**Activity**: Send back all of the records, each one exactly as written.

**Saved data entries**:
────
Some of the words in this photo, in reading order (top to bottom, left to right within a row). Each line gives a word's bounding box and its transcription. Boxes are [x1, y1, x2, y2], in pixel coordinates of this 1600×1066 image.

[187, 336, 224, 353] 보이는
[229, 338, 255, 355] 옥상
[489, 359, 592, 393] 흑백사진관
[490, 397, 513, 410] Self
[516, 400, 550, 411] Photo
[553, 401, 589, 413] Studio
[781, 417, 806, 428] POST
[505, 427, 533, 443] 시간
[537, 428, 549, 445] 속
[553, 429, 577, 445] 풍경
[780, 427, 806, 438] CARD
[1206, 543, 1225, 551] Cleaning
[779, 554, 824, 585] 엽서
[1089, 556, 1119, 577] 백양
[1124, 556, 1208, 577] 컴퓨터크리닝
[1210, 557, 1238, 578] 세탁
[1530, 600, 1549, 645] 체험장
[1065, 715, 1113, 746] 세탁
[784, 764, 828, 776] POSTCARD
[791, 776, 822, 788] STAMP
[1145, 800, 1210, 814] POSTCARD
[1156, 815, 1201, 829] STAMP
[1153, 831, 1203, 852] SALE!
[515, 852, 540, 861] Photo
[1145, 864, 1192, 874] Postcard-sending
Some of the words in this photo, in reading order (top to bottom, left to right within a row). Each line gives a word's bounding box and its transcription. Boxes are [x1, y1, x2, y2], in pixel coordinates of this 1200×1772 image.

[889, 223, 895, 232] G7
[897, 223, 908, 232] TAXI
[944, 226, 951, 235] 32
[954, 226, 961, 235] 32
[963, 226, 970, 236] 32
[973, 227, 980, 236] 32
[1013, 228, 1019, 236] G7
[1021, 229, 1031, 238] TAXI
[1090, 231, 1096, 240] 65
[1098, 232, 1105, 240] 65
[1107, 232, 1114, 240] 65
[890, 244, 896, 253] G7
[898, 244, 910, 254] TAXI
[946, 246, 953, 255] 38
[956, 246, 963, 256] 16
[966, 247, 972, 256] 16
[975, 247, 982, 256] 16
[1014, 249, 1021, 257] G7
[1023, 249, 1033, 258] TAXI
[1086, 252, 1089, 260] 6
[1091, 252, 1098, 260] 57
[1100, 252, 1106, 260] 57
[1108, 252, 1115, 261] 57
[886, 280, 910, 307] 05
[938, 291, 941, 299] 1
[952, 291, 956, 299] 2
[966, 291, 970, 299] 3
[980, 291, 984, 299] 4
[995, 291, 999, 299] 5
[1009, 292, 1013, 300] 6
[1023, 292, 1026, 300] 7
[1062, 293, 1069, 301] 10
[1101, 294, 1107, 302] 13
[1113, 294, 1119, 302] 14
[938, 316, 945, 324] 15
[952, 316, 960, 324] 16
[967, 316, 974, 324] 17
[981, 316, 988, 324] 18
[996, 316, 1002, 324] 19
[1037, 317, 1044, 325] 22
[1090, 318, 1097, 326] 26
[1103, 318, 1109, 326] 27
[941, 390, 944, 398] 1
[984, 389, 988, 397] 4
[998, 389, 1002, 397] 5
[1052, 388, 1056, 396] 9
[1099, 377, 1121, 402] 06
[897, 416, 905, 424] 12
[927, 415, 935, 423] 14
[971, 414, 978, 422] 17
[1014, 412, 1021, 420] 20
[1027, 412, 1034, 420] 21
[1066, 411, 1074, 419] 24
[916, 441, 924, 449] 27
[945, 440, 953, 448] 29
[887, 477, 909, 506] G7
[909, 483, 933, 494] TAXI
────
**Output**:
Some of the words in this photo, in reading order (top to bottom, left to right within a row). Each line gives a word's bounding box and its transcription. Boxes are [x1, y1, x2, y2], in pixel coordinates of this 1600×1066 image.

[187, 336, 224, 353] 보이는
[229, 338, 255, 355] 옥상
[489, 359, 592, 393] 흑백사진관
[490, 397, 513, 410] Self
[516, 400, 550, 411] Photo
[553, 401, 589, 413] Studio
[781, 417, 806, 428] POST
[505, 427, 533, 443] 시간
[537, 428, 549, 445] 속
[553, 429, 577, 445] 풍경
[780, 427, 806, 438] CARD
[1206, 543, 1225, 551] Cleaning
[779, 554, 824, 585] 엽서
[1089, 556, 1119, 577] 백양
[1124, 556, 1208, 577] 컴퓨터크리닝
[1210, 557, 1238, 578] 세탁
[1530, 600, 1549, 645] 체험장
[1065, 715, 1113, 746] 세탁
[784, 764, 828, 776] POSTCARD
[791, 776, 822, 788] STAMP
[1145, 800, 1210, 814] POSTCARD
[1156, 815, 1201, 829] STAMP
[1153, 831, 1203, 852] SALE!
[515, 852, 540, 861] Photo
[1145, 864, 1192, 874] Postcard-sending
Some of the words in this photo, in reading order (top to bottom, left to right within a row). Each line gives a word's bounding box and its transcription. Boxes are [x1, y1, x2, y2], in pixel coordinates of this 1200×1772 image.

[889, 223, 895, 232] G7
[897, 223, 908, 232] TAXI
[944, 226, 951, 235] 32
[954, 226, 961, 235] 32
[963, 226, 970, 236] 32
[973, 227, 980, 236] 32
[1013, 228, 1019, 236] G7
[1021, 229, 1031, 238] TAXI
[1090, 231, 1096, 240] 65
[1098, 232, 1105, 240] 65
[1107, 232, 1114, 240] 65
[890, 244, 896, 253] G7
[898, 244, 910, 254] TAXI
[946, 246, 953, 255] 38
[956, 246, 963, 256] 16
[966, 247, 972, 256] 16
[975, 247, 982, 256] 16
[1014, 249, 1021, 257] G7
[1023, 249, 1033, 258] TAXI
[1086, 252, 1089, 260] 6
[1091, 252, 1098, 260] 57
[1100, 252, 1106, 260] 57
[1108, 252, 1115, 261] 57
[886, 280, 910, 307] 05
[938, 291, 941, 299] 1
[952, 291, 956, 299] 2
[966, 291, 970, 299] 3
[980, 291, 984, 299] 4
[995, 291, 999, 299] 5
[1009, 292, 1013, 300] 6
[1023, 292, 1026, 300] 7
[1062, 293, 1069, 301] 10
[1101, 294, 1107, 302] 13
[1113, 294, 1119, 302] 14
[938, 316, 945, 324] 15
[952, 316, 960, 324] 16
[967, 316, 974, 324] 17
[981, 316, 988, 324] 18
[996, 316, 1002, 324] 19
[1037, 317, 1044, 325] 22
[1090, 318, 1097, 326] 26
[1103, 318, 1109, 326] 27
[941, 390, 944, 398] 1
[984, 389, 988, 397] 4
[998, 389, 1002, 397] 5
[1052, 388, 1056, 396] 9
[1099, 377, 1121, 402] 06
[897, 416, 905, 424] 12
[927, 415, 935, 423] 14
[971, 414, 978, 422] 17
[1014, 412, 1021, 420] 20
[1027, 412, 1034, 420] 21
[1066, 411, 1074, 419] 24
[916, 441, 924, 449] 27
[945, 440, 953, 448] 29
[887, 477, 909, 506] G7
[909, 483, 933, 494] TAXI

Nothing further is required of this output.